## What you have to do:
Below are the records. Transcribe them exactly.

================

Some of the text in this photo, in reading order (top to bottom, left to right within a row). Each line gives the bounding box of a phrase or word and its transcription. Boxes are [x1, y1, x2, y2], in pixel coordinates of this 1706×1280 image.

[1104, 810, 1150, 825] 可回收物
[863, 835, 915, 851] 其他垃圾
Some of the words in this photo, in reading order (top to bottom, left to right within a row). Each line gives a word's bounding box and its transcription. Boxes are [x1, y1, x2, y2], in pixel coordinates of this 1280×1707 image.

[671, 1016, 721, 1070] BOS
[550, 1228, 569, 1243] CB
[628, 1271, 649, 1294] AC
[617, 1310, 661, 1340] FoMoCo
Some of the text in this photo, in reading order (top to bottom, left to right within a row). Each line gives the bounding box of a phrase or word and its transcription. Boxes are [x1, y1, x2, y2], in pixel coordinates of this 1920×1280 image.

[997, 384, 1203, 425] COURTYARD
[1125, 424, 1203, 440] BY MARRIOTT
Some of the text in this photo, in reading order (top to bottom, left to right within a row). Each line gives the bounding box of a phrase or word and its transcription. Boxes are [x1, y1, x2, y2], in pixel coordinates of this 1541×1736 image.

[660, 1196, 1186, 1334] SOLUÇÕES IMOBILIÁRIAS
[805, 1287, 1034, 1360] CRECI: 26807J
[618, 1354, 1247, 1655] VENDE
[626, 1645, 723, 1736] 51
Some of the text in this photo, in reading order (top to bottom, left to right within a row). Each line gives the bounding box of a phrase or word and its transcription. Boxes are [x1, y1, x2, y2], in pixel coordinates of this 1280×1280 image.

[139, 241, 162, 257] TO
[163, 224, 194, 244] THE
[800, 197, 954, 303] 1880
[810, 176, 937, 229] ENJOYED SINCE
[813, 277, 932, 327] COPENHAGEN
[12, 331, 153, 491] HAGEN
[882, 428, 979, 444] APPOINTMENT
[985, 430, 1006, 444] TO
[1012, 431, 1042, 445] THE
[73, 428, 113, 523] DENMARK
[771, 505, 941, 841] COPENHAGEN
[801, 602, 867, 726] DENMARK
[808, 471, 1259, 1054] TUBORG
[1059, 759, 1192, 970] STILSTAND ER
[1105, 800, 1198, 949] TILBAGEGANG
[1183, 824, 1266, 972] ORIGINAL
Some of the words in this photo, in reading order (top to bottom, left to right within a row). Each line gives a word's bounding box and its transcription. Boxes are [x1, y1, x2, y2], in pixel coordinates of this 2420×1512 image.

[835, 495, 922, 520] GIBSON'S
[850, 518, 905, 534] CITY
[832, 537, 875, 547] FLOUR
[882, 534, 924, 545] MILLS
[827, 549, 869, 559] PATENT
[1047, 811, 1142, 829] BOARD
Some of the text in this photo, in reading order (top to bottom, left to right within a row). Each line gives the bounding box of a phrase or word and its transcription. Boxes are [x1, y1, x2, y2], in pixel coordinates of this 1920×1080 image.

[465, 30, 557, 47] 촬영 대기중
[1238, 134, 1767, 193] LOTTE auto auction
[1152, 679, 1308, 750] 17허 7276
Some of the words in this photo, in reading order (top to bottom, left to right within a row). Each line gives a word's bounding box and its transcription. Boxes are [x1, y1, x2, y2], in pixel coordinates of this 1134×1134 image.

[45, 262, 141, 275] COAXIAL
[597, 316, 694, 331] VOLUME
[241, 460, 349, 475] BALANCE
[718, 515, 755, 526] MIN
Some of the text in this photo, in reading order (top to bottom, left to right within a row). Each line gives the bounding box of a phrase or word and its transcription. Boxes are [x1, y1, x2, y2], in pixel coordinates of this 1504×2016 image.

================

## Task solution:
Some of the text in this photo, in reading order (top to bottom, left to right within a row). Each line gives the bounding box of a phrase or word and its transcription. Boxes are [x1, y1, x2, y2], in pixel coordinates of this 1706×1280 image.

[1104, 810, 1150, 825] 可回收物
[863, 835, 915, 851] 其他垃圾
Some of the words in this photo, in reading order (top to bottom, left to right within a row). Each line gives a word's bounding box and its transcription. Boxes are [x1, y1, x2, y2], in pixel coordinates of this 1280×1707 image.

[671, 1016, 721, 1070] BOS
[550, 1228, 569, 1243] CB
[628, 1271, 649, 1294] AC
[617, 1310, 661, 1340] FoMoCo
Some of the text in this photo, in reading order (top to bottom, left to right within a row). Each line gives the bounding box of a phrase or word and its transcription. Boxes are [x1, y1, x2, y2], in pixel coordinates of this 1920×1280 image.

[997, 384, 1203, 425] COURTYARD
[1125, 424, 1203, 440] BY MARRIOTT
Some of the text in this photo, in reading order (top to bottom, left to right within a row). Each line gives the bounding box of a phrase or word and its transcription. Boxes are [x1, y1, x2, y2], in pixel coordinates of this 1541×1736 image.

[660, 1196, 1186, 1334] SOLUÇÕES IMOBILIÁRIAS
[805, 1287, 1034, 1360] CRECI: 26807J
[618, 1354, 1247, 1655] VENDE
[626, 1645, 723, 1736] 51
Some of the text in this photo, in reading order (top to bottom, left to right within a row). Each line gives the bounding box of a phrase or word and its transcription. Boxes are [x1, y1, x2, y2], in pixel coordinates of this 1280×1280 image.

[139, 241, 162, 257] TO
[163, 224, 194, 244] THE
[800, 197, 954, 303] 1880
[810, 176, 937, 229] ENJOYED SINCE
[813, 277, 932, 327] COPENHAGEN
[12, 331, 153, 491] HAGEN
[882, 428, 979, 444] APPOINTMENT
[985, 430, 1006, 444] TO
[1012, 431, 1042, 445] THE
[73, 428, 113, 523] DENMARK
[771, 505, 941, 841] COPENHAGEN
[801, 602, 867, 726] DENMARK
[808, 471, 1259, 1054] TUBORG
[1059, 759, 1192, 970] STILSTAND ER
[1105, 800, 1198, 949] TILBAGEGANG
[1183, 824, 1266, 972] ORIGINAL
Some of the words in this photo, in reading order (top to bottom, left to right within a row). Each line gives a word's bounding box and its transcription. Boxes are [x1, y1, x2, y2], in pixel coordinates of this 2420×1512 image.

[835, 495, 922, 520] GIBSON'S
[850, 518, 905, 534] CITY
[832, 537, 875, 547] FLOUR
[882, 534, 924, 545] MILLS
[827, 549, 869, 559] PATENT
[1047, 811, 1142, 829] BOARD
Some of the text in this photo, in reading order (top to bottom, left to right within a row). Each line gives the bounding box of a phrase or word and its transcription. Boxes are [x1, y1, x2, y2], in pixel coordinates of this 1920×1080 image.

[465, 30, 557, 47] 촬영 대기중
[1238, 134, 1767, 193] LOTTE auto auction
[1152, 679, 1308, 750] 17허 7276
Some of the words in this photo, in reading order (top to bottom, left to right within a row). Each line gives a word's bounding box and its transcription. Boxes are [x1, y1, x2, y2], in pixel coordinates of this 1134×1134 image.

[45, 262, 141, 275] COAXIAL
[597, 316, 694, 331] VOLUME
[241, 460, 349, 475] BALANCE
[718, 515, 755, 526] MIN
Some of the text in this photo, in reading order (top to bottom, left to right within a row). Each line gives the bounding box of a phrase or word and its transcription. Boxes are [x1, y1, x2, y2], in pixel coordinates of this 1504×2016 image.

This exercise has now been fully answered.